Just two weeks ago I was having a blast with my friend Nicole, who came to visit. It was the first "real" vacation I'd had in a few months, involving sand, sea green water, smoothies, and lots of inside jokes. I knew it would have to end sometime, but I had no idea I would feel so weird when she left. Her visit allowed me to temporarily put my scary future on the back burner. I'm done with college… Now what?
When you're used to writing 50-page papers and stressing about your thesis, doing basically nothing every day comes as a shock. I felt kind of useless, spending my days catching up on tedious housework, reading my favorite food blogs for hours, and filling my days with exercising and checking out new youth groups. I planned a new diet, quietly thought about past loves, and tried to motivate myself to get back into the kitchen. I also downloaded all the music I had could think of.
And then, last Friday I fell a little lower. I decided to do yoga at home, something I once had enjoyed and felt had changed my lifestyle in a very positive way. Although I wasn't necessarily feeling "sad," I chose to do a yoga for sadness workout on a site a friend had recommended. But as I curled up at the end of the session, on my side, pulling my legs to my chest, I felt the explosive pain I recognized all too well.
The doctors before never knew nor cared to figure out what was wrong with me. Surely it was some cartilage, or meniscus, or growing problem. At 13 it happened three times, and at 17 once more. But I thought it might not happen again, seeing as five years had gone by. I called a close friend, and she and her family came to take me to the hospital- I couldn't move my leg. For the next couple of days I hopped on my right leg to get everywhere. The pain was excruciating if I tried to straighten my leg at all; tolerable if I held it bent. They wanted to operate.

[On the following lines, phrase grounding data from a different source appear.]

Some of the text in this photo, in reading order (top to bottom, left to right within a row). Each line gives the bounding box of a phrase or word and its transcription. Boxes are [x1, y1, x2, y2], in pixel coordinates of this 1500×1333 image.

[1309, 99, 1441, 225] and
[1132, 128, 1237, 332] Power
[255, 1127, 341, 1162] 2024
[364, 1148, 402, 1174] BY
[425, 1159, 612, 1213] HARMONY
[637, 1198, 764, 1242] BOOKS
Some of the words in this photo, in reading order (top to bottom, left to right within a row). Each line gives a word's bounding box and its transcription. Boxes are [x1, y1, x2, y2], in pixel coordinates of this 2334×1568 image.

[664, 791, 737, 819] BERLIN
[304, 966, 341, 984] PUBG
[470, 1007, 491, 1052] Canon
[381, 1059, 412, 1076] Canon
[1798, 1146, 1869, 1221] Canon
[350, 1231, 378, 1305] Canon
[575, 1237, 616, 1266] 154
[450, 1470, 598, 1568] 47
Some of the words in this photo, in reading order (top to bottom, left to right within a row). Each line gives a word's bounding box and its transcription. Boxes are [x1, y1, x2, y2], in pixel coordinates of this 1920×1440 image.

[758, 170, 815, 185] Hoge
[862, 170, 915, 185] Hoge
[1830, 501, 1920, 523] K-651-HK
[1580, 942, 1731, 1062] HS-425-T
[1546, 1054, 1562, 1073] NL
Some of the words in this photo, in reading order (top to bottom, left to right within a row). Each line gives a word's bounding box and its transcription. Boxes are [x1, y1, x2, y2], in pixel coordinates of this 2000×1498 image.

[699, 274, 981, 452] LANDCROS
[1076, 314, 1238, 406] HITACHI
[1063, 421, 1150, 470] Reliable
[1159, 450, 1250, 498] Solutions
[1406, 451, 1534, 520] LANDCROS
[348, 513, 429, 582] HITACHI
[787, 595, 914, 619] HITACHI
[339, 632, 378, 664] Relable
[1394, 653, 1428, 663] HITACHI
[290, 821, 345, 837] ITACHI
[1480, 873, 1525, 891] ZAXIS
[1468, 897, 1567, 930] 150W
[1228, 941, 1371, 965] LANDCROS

We (my friend and her family) decided to get a second opinion. On Sunday we left the house in the dreary weather to get my knee checked out. The doctor injected my knee with a huge needle to sedate it, then proceeded to straighten it a la fuerza.
If I thought I knew pain before, that was nothing compared to this. He wrapped almost my entire leg in a blue cast, and then sent me home.
For the past few days I've laid on the couch at my friend's house, being kindly taken care of my her family and wondering when this is going to end. I've asked a lot of the people around me, but am afraid to be alone. I can't go back to the states. I wonder when will I run again? What will I do? How do I make the decisions I need to?
I guess it's just one step at a time.